=== YOUR ASSIGNMENT ===
Leaving out the pictures, copy each record below exactly.

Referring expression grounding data

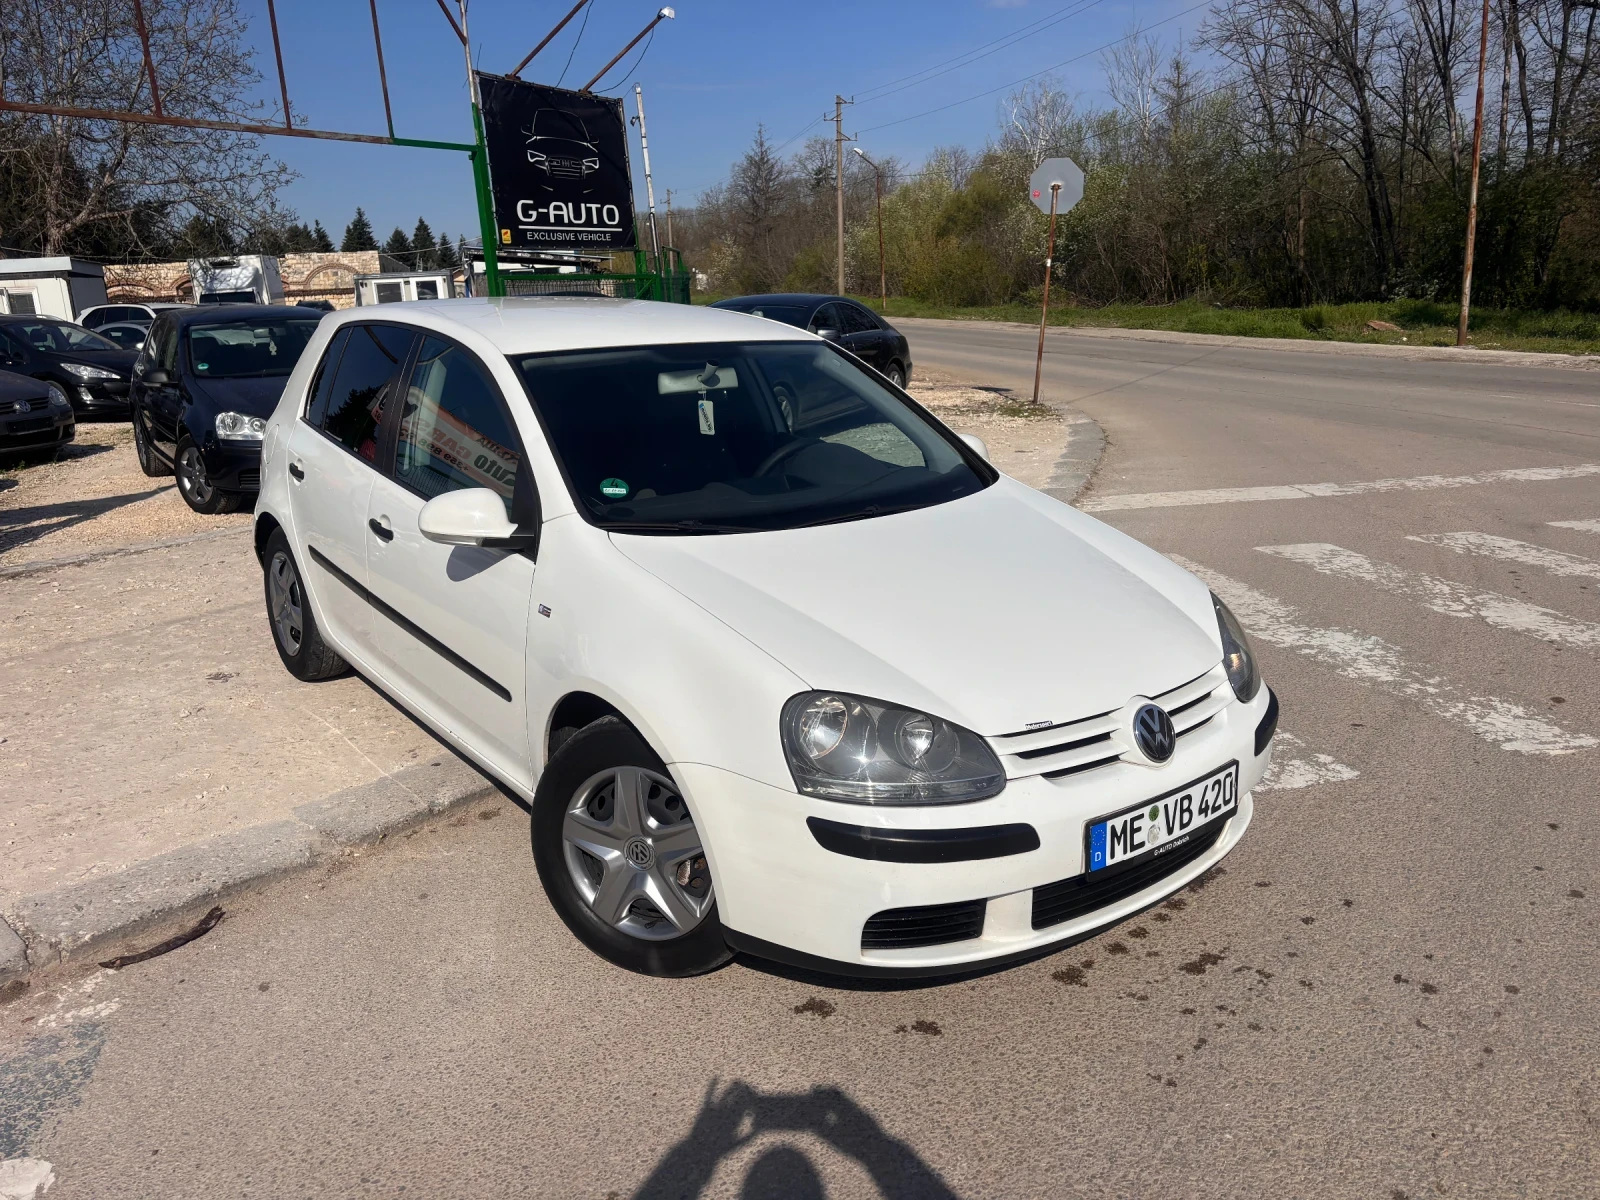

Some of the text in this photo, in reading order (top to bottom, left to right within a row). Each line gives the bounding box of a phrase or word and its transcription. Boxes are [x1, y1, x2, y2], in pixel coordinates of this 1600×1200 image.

[516, 199, 620, 225] G-AUTO
[526, 231, 612, 242] EXCLUSIVE VEHICLE
[1109, 771, 1234, 860] ME VB 420
[1153, 843, 1173, 856] G-AUTO
[1094, 851, 1102, 862] D

=== REPLY TO THE TASK ===
Some of the text in this photo, in reading order (top to bottom, left to right within a row). Each line gives the bounding box of a phrase or word and its transcription. Boxes are [x1, y1, x2, y2], in pixel coordinates of this 1600×1200 image.

[516, 199, 620, 225] G-AUTO
[526, 231, 612, 242] EXCLUSIVE VEHICLE
[1109, 771, 1234, 860] ME VB 420
[1153, 843, 1173, 856] G-AUTO
[1094, 851, 1102, 862] D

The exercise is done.